Donald Glover releases new album and Woody Allen's memoir becomes available to readers
A new week brings new music and new books from famous faces.
Actor/rapper Donald Glover released an album Sunday. He named it after last Sunday, "3.15.20."
And controversial director/producer Woody Allen has published a memoir, which was released Monday.
The 400-page book is called "Apropos of Nothing," and found a home with Arcade Publishing.
“The book is a candid and comprehensive personal account by Woody Allen of his life,” Arcade announced, “ranging from his childhood in Brooklyn through his acclaimed career in film, theater, television, print and standup comedy, as well as exploring his relationships with family and friends.”
“Apropos of Nothing” begins in the wry tone of such literary heroes as J.D. Salinger and George S. Kaufman, describing his New York City upbringing and love affairs with Diane Keaton and others with a sense of nostalgia and angst that also mirrors Allen movies ranging from “Radio Days” and “The Purple Rose of Cairo” to “Annie Hall” and “Hannah and Her Sisters.”

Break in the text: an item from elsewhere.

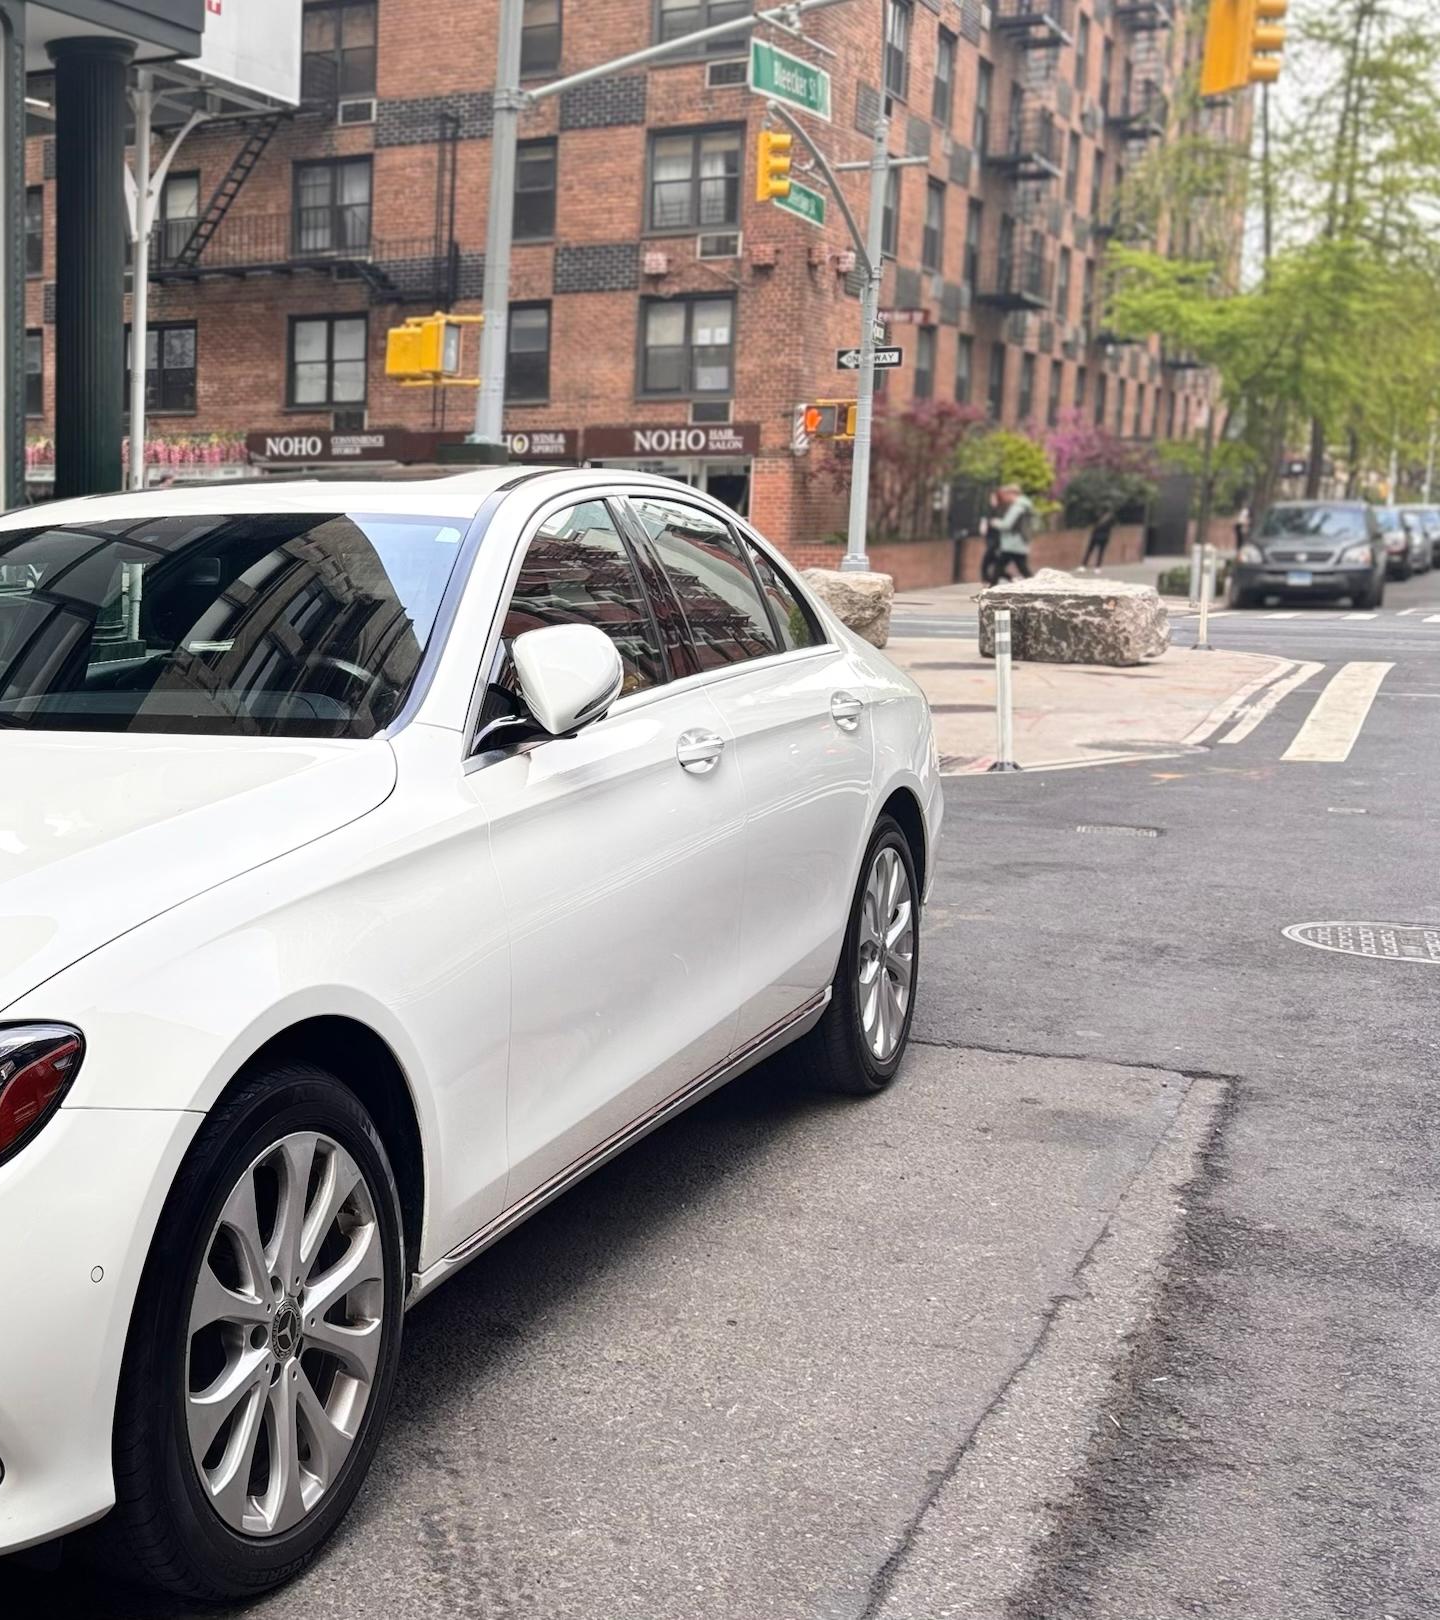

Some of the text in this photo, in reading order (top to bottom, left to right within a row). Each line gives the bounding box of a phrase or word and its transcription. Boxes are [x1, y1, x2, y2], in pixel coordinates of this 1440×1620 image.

Recalling the day Farrow learned of the affair, after discovering erotic photographs of her twenty-something daughter at Allen’s apartment, Allen writes: “Of course I understand her shock, her dismay, her rage, everything. It was the correct reaction.” But he also expresses no regret over he and Previn becoming lovers.
“Sometimes, when the going got rough and I was maligned everywhere, I was asked if I had known the outcome, do I ever wish I never took up with Soon-Yi?” he writes. “I always answered I’d do it again in a heartbeat.”
Allen has long denied sexually abusing Dylan, and, as he has alleged before, he speculates that the accusations arose from what he calls Farrow’s “Ahab-like quest” for revenge. “I never laid a finger on Dylan, never did anything to her that could be even misconstrued as abusing her; it was a total fabrication from start to finish,” he writes.
Describing a visit to Farrow’s Connecticut house in August 1992, when he allegedly molested Dylan, he acknowledges briefly placing his head on his 7-year-old daughter’s lap, but adds: “I certainly didn’t do anything improper to her. I was in a room full of people watching TV mid-afternoon.”
Allen was never charged after two separate investigations in the 1990s. Dylan has maintained in recent years that she was abused and her allegations have been increasingly embraced in the #MeToo era.
Ellen Page and Greta Gerwig are among the actors who have said that they won’t work with him again and his most recent movie, “A Rainy Day in New York,” never came out in the United States; (Amazon, which was to release that movie and three others, ended their deal with Allen; Allen sued and an out-of-court settlement was reportedly reached).
Numerous publishers reportedly shied from his memoir when an Allen representative shopped it last year.